### PROBLEM DETAILS
Could you output each line below exactly as it appears, excluding any pictures?

===== RECORDS SHOWN

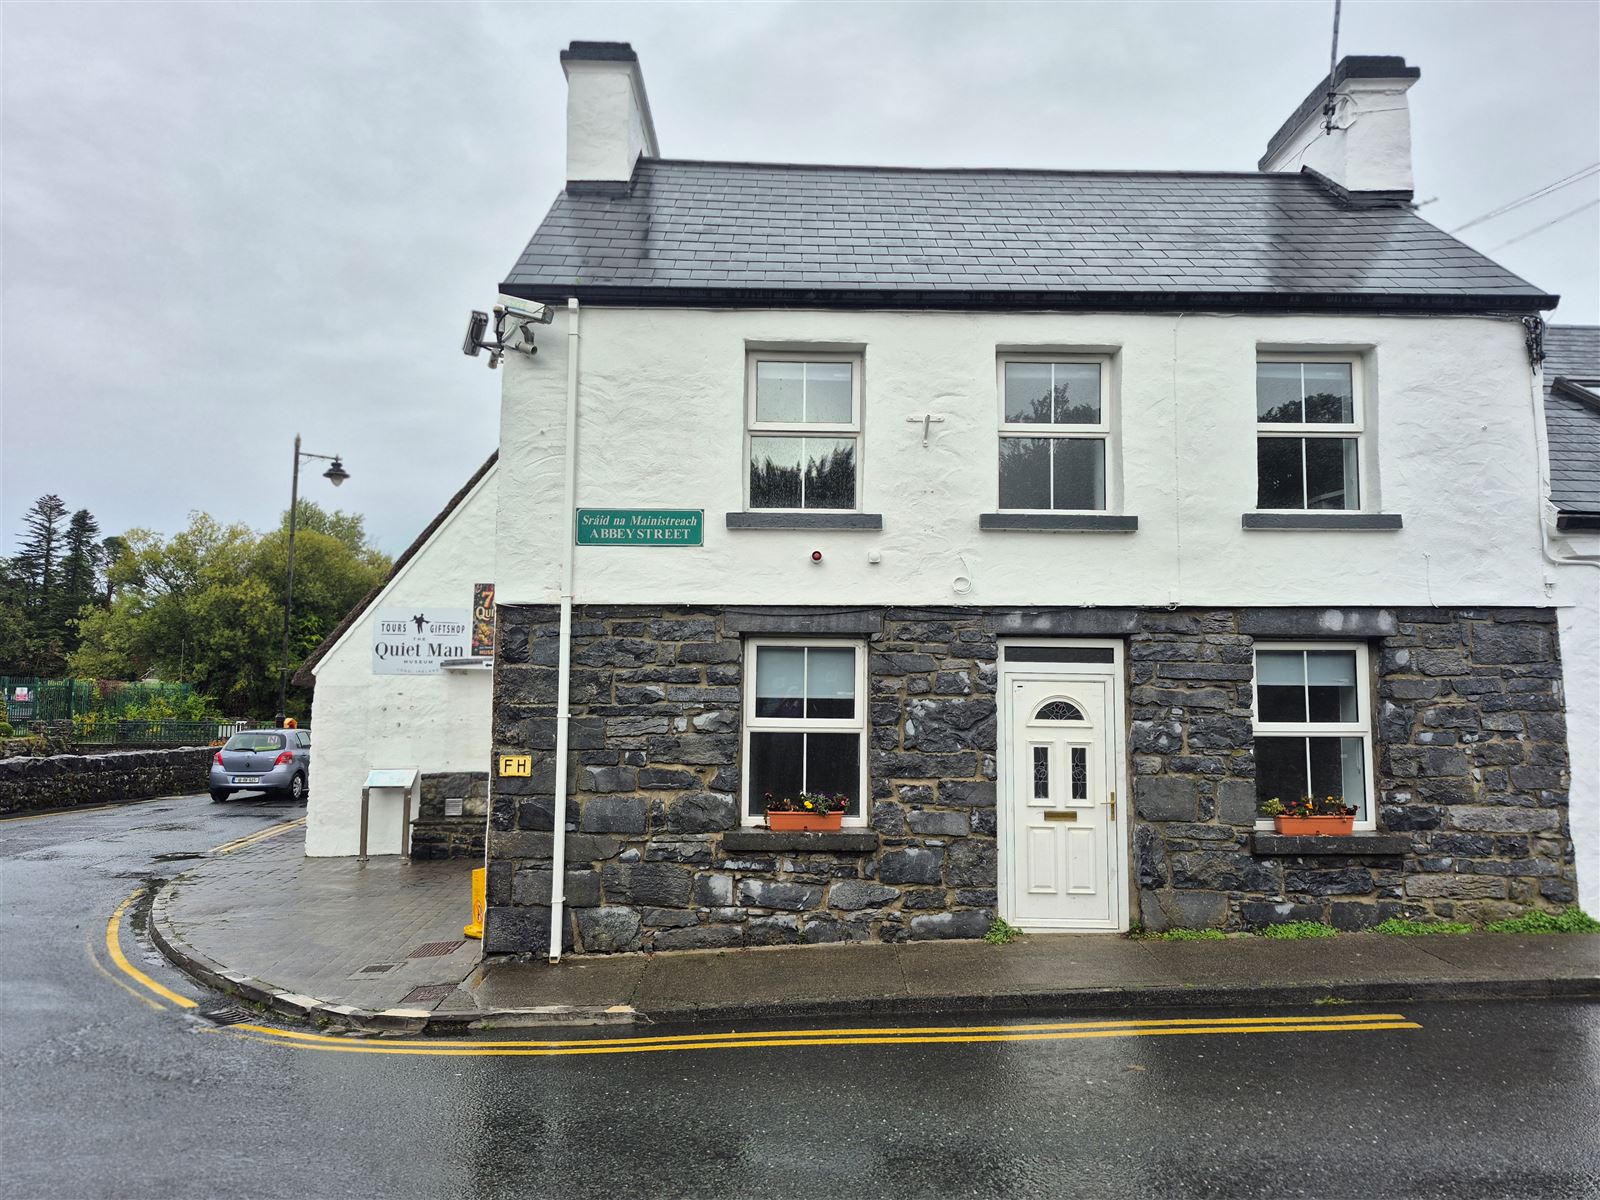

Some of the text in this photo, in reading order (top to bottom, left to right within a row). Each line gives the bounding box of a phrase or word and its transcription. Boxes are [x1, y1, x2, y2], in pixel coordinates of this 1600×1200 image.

[581, 514, 697, 527] Sráid na Mainistreach
[589, 528, 691, 540] ABBEY STREET
[381, 623, 407, 633] TOURS
[429, 624, 466, 634] GIFTSHOP
[375, 641, 464, 661] Quiet Man

==========

### EXERCISE OUTPUT
Some of the text in this photo, in reading order (top to bottom, left to right within a row). Each line gives the bounding box of a phrase or word and its transcription. Boxes are [x1, y1, x2, y2], in pixel coordinates of this 1600×1200 image.

[581, 514, 697, 527] Sráid na Mainistreach
[589, 528, 691, 540] ABBEY STREET
[381, 623, 407, 633] TOURS
[429, 624, 466, 634] GIFTSHOP
[375, 641, 464, 661] Quiet Man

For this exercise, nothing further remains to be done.